(Beginning of Data to use)
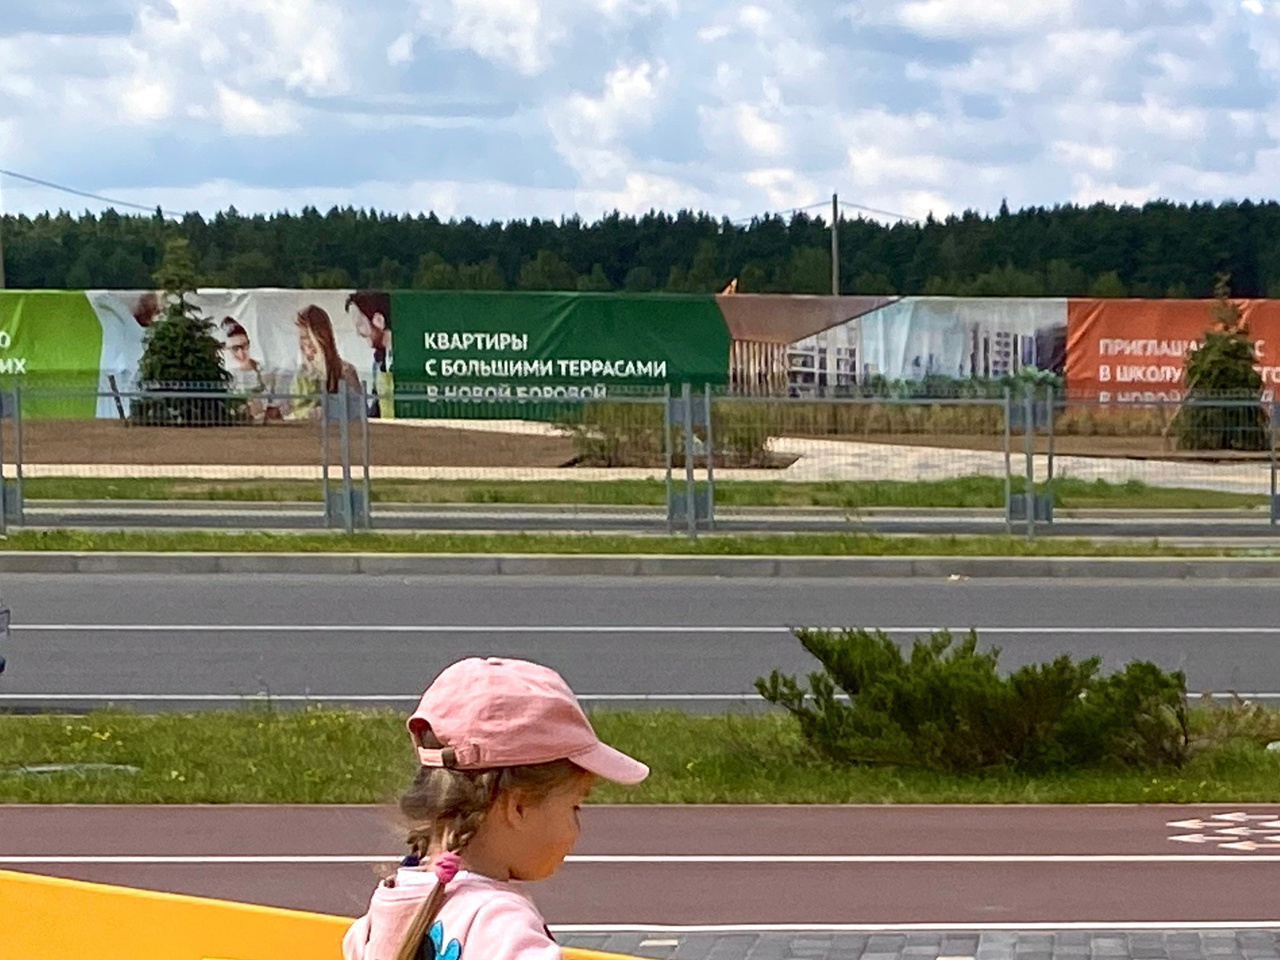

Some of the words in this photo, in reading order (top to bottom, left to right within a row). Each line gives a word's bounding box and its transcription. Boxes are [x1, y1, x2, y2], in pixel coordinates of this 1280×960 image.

[424, 333, 528, 350] КВАРТИРЫ
[1100, 338, 1206, 356] ПРИГЛАША
[425, 360, 437, 376] С
[442, 359, 552, 377] БОЛЬШИМИ
[557, 360, 667, 378] ТЕРРАСАМИ
[1099, 365, 1111, 382] В
[1116, 365, 1182, 384] ШКОЛУ
[444, 382, 511, 402] НОВОЙ
[516, 383, 607, 403] БОРОВОЙ
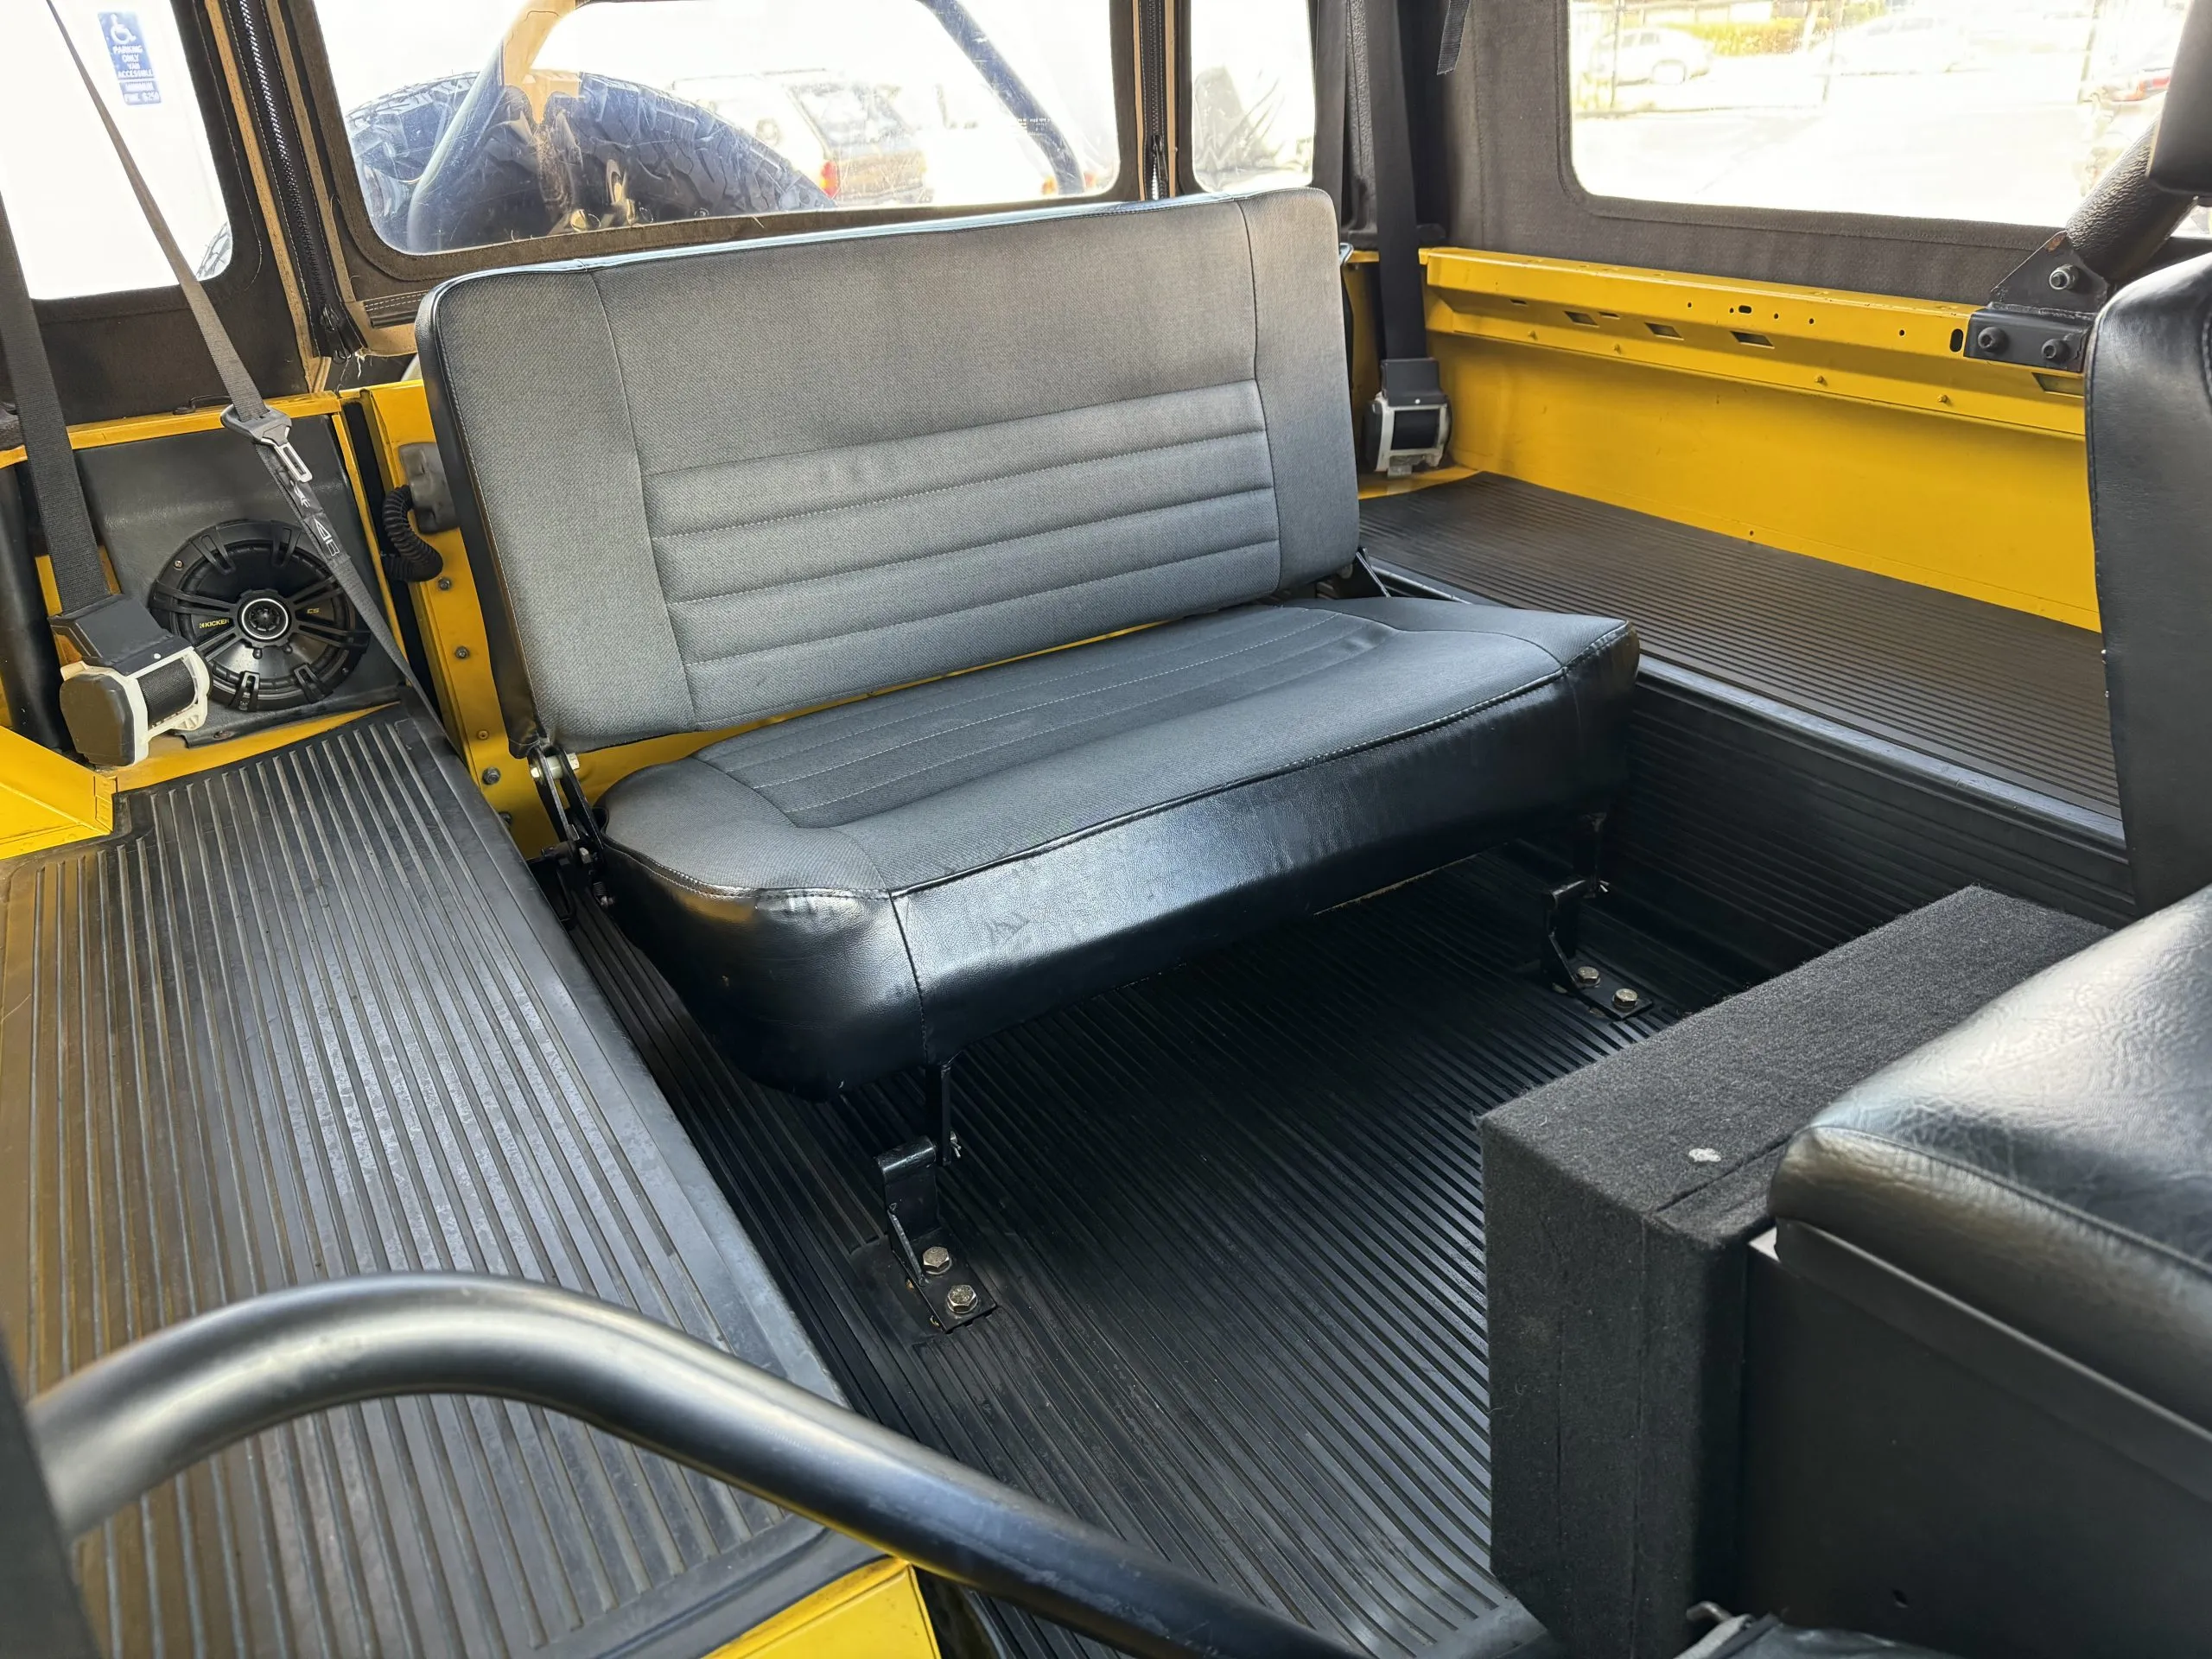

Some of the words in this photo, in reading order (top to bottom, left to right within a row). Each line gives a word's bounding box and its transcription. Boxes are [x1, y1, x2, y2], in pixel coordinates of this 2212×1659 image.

[112, 45, 143, 54] PARKING
[122, 54, 139, 62] ONLY
[205, 619, 230, 627] KICKER
(End of Data to use)
*Try it:* Exclude the pictures, then write out every record exactly as it stands.

*Exercise output:*
Some of the words in this photo, in reading order (top to bottom, left to right within a row). Each line gives a word's bounding box and its transcription. Boxes are [x1, y1, x2, y2], in pixel coordinates of this 1280×960 image.

[424, 333, 528, 350] КВАРТИРЫ
[1100, 338, 1206, 356] ПРИГЛАША
[425, 360, 437, 376] С
[442, 359, 552, 377] БОЛЬШИМИ
[557, 360, 667, 378] ТЕРРАСАМИ
[1099, 365, 1111, 382] В
[1116, 365, 1182, 384] ШКОЛУ
[444, 382, 511, 402] НОВОЙ
[516, 383, 607, 403] БОРОВОЙ

Some of the words in this photo, in reading order (top to bottom, left to right within a row). Each line gives a word's bounding box and its transcription. Boxes are [x1, y1, x2, y2], in pixel coordinates of this 2212×1659 image.

[112, 45, 143, 54] PARKING
[122, 54, 139, 62] ONLY
[205, 619, 230, 627] KICKER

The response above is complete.